- Salmeterol—an example of long-acting β_{2} adrenoreceptor agonist

Legal status

= Long-acting beta-adrenoceptor agonist =

Drug prescribed for asthma patients

Long-acting β adrenoceptor agonists (LABAs) are beta-adrenergic agonists usually prescribed for moderate-to-severe persistent asthma and chronic obstructive pulmonary disease (COPD).

LABAs are designed to reduce the need for shorter-acting β_{2} agonists such as salbutamol (albuterol), as they have an approximately twelve-hour duration of action, compared to about five hours for salbutamol, making them candidates for sparing high doses of corticosteroids or treating nocturnal asthma and providing symptomatic relief for COPD patients.

With the exception of formoterol, LABAs are not recommended for the treatment of acute asthma exacerbations because of their slower onset of action compared to salbutamol. Salmeterol binds to an exosite on the β_{2} adrenergic receptor, and this has been proposed to explain its long duration of action, but this hypothesis is not universally accepted.

==Medical uses==
When combined with inhaled steroids, β adrenoceptor agonists can improve symptoms. In children this benefit is uncertain and they may be potentially harmful. They should not be used without an accompanying steroid due to an increased risk of severe symptoms, including exacerbation in both children and adults. A 2018 meta-analysis was unable to determine whether an increase serious adverse events reported in the previous meta-analysis on regular salmeterol alone is abolished by the additional use of regular inhaled corticosteroid. Large surveillance studies are ongoing to provide more information. There were no asthma-related deaths and few asthma-related serious adverse events when salmeterol is used with an inhaled steroid. At least with formoterol, an increased risk appears to be present even when steroids are used and this risk has not been ruled out for salmeterol.
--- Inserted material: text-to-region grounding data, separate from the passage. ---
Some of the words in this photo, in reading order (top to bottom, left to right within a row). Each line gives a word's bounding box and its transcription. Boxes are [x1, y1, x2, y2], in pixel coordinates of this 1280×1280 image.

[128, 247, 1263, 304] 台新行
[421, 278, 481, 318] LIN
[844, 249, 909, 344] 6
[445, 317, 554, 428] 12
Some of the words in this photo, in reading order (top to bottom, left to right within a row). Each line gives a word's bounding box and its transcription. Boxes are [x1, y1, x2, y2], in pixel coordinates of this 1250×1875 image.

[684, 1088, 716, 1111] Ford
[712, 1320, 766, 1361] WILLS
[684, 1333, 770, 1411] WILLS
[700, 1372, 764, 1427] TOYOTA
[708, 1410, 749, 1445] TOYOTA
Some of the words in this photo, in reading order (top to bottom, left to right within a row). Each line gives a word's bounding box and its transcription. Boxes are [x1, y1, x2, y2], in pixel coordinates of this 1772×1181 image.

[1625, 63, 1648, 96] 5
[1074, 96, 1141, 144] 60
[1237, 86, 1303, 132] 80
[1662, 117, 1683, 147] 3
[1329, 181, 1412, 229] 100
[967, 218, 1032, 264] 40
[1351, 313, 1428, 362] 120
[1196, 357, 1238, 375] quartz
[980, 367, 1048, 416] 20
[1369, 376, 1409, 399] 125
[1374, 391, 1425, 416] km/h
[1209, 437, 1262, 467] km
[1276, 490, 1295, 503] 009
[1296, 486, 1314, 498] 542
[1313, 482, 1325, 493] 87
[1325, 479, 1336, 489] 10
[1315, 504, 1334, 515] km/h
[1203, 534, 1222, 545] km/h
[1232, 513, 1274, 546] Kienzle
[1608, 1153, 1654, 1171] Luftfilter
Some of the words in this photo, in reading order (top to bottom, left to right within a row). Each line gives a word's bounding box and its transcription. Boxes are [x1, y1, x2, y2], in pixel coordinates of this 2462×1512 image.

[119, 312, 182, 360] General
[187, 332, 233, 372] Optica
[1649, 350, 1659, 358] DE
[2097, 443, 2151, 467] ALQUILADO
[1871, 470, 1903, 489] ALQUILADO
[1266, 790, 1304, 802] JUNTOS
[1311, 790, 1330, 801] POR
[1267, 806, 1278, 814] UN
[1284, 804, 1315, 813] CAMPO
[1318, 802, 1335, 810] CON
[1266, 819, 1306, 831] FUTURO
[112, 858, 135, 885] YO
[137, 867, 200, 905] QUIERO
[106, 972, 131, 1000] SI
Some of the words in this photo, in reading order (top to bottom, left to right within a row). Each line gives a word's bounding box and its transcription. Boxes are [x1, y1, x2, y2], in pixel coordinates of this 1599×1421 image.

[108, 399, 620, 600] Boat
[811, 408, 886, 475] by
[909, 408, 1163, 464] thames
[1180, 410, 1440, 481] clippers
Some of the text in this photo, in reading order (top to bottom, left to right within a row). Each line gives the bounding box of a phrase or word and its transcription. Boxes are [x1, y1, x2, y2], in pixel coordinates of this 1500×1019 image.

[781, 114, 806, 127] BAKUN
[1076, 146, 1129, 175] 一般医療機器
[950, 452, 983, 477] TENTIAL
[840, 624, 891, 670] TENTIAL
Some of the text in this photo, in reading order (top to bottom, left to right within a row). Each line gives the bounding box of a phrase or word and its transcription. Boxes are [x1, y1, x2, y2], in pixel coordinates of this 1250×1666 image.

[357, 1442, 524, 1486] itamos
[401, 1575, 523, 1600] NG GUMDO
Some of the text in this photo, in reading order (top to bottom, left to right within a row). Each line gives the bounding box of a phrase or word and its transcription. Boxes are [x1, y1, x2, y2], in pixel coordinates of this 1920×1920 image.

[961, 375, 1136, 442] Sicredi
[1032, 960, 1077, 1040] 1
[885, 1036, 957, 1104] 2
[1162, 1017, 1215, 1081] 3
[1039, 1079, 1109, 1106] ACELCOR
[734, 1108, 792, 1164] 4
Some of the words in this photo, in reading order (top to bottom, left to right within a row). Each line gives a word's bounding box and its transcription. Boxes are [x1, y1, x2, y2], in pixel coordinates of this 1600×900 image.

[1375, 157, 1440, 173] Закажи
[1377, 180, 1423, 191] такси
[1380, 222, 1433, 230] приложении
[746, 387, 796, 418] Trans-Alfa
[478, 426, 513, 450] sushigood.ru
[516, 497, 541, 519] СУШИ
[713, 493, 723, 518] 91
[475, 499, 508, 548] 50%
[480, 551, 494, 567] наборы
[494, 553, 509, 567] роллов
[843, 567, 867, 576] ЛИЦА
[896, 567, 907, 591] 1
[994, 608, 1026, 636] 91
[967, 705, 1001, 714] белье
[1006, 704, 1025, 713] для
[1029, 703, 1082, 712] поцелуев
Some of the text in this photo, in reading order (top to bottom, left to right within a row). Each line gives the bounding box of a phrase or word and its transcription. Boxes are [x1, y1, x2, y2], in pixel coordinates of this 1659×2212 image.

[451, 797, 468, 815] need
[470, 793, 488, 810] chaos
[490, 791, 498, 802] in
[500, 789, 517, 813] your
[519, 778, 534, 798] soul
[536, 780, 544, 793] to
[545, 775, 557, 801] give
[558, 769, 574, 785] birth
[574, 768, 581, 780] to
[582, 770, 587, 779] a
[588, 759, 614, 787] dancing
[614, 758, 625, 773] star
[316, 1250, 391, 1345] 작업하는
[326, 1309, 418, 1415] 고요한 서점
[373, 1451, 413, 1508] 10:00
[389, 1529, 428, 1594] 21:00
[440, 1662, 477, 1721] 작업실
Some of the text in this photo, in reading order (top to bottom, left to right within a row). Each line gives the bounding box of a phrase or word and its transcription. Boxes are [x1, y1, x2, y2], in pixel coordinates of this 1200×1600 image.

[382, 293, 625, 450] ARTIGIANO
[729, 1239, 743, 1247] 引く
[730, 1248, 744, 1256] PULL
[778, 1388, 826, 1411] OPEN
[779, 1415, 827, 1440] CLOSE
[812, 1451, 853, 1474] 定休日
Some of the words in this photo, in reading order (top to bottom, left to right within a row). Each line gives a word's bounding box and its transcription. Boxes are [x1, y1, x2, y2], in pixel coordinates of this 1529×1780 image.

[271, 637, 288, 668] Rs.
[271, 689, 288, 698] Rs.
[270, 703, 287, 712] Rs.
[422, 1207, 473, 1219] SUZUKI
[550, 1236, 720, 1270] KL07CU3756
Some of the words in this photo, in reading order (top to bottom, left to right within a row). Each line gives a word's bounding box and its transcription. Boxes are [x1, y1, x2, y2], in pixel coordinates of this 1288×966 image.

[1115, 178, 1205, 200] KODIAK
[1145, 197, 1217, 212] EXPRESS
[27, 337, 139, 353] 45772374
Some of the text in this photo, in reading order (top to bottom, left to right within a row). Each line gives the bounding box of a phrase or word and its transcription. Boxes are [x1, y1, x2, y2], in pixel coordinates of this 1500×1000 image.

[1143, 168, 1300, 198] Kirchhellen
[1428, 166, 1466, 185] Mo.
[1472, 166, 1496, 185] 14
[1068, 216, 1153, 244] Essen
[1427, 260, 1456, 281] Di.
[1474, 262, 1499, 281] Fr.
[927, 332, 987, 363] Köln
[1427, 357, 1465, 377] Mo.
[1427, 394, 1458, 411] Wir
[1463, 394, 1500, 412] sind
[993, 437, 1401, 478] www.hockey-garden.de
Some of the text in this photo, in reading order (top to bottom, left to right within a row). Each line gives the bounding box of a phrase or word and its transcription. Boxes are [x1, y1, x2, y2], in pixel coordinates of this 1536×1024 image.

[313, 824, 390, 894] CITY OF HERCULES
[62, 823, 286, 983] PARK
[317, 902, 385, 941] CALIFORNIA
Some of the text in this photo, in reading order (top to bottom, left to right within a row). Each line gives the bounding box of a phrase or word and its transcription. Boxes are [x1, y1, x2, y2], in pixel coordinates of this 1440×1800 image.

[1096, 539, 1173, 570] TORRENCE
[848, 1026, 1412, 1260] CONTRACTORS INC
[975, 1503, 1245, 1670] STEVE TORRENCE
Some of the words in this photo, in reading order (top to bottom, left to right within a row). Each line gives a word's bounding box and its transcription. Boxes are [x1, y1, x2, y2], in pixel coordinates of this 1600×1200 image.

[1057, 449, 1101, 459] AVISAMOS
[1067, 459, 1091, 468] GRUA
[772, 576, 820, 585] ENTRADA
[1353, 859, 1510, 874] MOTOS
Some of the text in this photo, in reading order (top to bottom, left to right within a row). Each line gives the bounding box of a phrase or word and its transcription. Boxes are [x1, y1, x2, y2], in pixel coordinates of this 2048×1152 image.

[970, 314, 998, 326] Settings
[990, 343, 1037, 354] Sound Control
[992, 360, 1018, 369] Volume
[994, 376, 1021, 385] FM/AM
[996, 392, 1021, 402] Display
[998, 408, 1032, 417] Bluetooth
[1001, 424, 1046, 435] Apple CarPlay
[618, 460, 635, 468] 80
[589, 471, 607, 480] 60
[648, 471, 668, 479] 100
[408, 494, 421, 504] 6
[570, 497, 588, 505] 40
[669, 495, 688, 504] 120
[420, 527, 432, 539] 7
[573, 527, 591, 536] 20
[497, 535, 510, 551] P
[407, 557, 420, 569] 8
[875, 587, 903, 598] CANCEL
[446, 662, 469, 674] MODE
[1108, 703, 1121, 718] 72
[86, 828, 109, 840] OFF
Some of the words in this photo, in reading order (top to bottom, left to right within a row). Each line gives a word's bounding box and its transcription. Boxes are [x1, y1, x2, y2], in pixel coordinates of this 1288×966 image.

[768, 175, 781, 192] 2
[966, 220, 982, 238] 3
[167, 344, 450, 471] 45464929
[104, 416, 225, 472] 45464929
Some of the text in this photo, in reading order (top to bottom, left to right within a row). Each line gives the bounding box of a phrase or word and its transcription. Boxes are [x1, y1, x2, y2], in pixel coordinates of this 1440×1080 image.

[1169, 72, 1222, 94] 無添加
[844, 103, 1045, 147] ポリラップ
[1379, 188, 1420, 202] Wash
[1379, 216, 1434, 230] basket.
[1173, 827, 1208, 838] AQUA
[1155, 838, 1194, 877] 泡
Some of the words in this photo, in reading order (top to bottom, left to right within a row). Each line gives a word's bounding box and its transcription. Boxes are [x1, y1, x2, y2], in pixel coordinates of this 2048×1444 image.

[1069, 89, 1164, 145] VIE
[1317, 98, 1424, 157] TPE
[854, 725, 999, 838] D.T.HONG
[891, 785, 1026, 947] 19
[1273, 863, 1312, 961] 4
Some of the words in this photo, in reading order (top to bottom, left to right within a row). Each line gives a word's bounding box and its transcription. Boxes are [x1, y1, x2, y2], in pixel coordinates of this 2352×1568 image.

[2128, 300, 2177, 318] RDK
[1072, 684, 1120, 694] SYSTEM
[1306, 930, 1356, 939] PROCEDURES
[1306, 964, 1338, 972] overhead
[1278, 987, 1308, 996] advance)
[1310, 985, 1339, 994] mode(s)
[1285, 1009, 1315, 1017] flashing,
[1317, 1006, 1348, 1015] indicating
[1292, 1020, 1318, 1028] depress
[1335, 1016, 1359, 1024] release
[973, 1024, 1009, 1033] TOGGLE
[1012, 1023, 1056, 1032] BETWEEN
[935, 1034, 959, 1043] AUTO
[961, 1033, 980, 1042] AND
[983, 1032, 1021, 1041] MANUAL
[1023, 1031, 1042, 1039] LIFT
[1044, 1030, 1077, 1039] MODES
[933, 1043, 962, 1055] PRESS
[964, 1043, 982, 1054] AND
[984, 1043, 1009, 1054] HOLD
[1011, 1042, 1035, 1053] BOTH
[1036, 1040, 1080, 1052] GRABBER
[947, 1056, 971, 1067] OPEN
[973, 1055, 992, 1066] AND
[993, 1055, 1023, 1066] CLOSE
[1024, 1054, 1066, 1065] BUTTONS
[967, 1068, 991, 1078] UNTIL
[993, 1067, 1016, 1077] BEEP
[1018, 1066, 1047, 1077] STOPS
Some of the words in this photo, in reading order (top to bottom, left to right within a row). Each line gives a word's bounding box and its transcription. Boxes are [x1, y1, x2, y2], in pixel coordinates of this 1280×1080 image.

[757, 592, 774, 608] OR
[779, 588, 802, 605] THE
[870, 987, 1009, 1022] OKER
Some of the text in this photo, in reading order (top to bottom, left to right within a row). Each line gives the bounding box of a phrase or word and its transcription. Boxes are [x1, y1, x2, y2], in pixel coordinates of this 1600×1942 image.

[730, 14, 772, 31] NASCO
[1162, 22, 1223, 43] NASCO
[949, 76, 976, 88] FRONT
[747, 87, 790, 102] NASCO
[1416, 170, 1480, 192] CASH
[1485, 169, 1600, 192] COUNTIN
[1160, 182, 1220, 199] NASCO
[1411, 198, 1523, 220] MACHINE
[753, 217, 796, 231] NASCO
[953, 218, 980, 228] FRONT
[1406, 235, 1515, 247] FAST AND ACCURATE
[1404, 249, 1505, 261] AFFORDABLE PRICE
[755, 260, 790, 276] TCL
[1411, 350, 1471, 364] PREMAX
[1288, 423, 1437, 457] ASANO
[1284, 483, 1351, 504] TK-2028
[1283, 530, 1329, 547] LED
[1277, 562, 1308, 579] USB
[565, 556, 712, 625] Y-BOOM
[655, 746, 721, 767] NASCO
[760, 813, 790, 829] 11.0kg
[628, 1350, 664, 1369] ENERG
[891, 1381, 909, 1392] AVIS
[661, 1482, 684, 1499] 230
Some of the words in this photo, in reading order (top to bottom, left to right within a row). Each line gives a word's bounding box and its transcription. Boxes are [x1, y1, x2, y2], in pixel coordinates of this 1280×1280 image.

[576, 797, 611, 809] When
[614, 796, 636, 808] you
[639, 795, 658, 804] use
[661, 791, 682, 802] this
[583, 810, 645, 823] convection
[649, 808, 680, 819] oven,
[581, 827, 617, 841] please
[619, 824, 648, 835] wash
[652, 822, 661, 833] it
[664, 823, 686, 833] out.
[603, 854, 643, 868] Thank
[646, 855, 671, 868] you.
Because LABAs work so well at dulling the sensation of breathlessness, they can mask underlying airway inflammation.

==Agents==
Some of the currently available long-acting β_{2} adrenoceptor agonists include:

International nonproprietary name (INN): Trade (brand) name
- arformoterol: Brovana (some consider it to be an ultra-LABA)
- bambuterol: Bambec, Oxeol
- clenbuterol: Dilaterol, Spiropent
- formoterol: Foradil, Oxis, Perforomist
- salmeterol: Serevent
- protokylol: Ventaire

==Ultra-LABAs==
Several long-acting β adrenoreceptor agonists have a duration of action of 24 hours, allowing for once-daily dosing. They are considered to be ultra-long-acting β adrenoreceptor agonists (ultra-LABAs) and are now approved.

- indacaterol: approved by the European Medicines Agency (EMA) on November 30, 2009, and by Russian FDA-equivalent under the trade name Onbrez Breezhaler. In the United States. it was approved by the Food and Drug Administration (FDA) under the trade name Arcapta Neohaler on July 1, 2011)
- olodaterol: approved in some European countries and Russia, and by the U.S. Food and Drug Administration (FDA) on July 31, 2014, under Striverdi Respimat
- vilanterol is the ultra-LABA not available by itself but only as a component of combination drugs:
  - with fluticasone furoate: Breo Ellipta (U.S.), Relvar Ellipta (EU, RU). This second medication in this combination is the synthetic inhaled corticosteroid fluticasone furoate. This product was approved by the FDA in May 2013 as once-daily inhaled therapy for the treatment of chronic obstructive pulmonary disease (COPD)
  - with umeclidinium bromide: Anoro Ellipta. Umeclidinium bromide is a long-acting muscarinic antagonist. This combination was approved by the FDA on December 18, 2013 for the long-term maintenance treatment of COPD. On March 28, 2014, it was approved in European countries and in Russia under the same trade name.

===Under development===

- abediterol (codenamed LAS100977)
- salmefamol (salbutamol and para-methoxyamphetamine (PMA) hybrid)

===Failed agents===
- carmoterol (formerly TA-2005): development terminated
- PF-610355: development terminated

==Concerns==
A meta-analysis study from 2006 (pooled results of 19 trials, 33,826 participants) raised concerns that salmeterol may increase the risk of death in asthmatics, and that the additional risk was not reduced with the adjunctive use of inhaled steroids (e.g., as with the combination product fluticasone/salmeterol).
The proposed mechanism is that while LABAs relieve asthma symptoms, they can also promote bronchial inflammation and sensitivity without warning. On February 18, 2011, the FDA issued a safety alert for long-acting β agonists.
Following new clinical safety trials, the FDA issued updated guidance on 20 December 2017, that there is no significant increased risk of serious asthma outcomes with LABAs when used together with inhaled corticosteroids.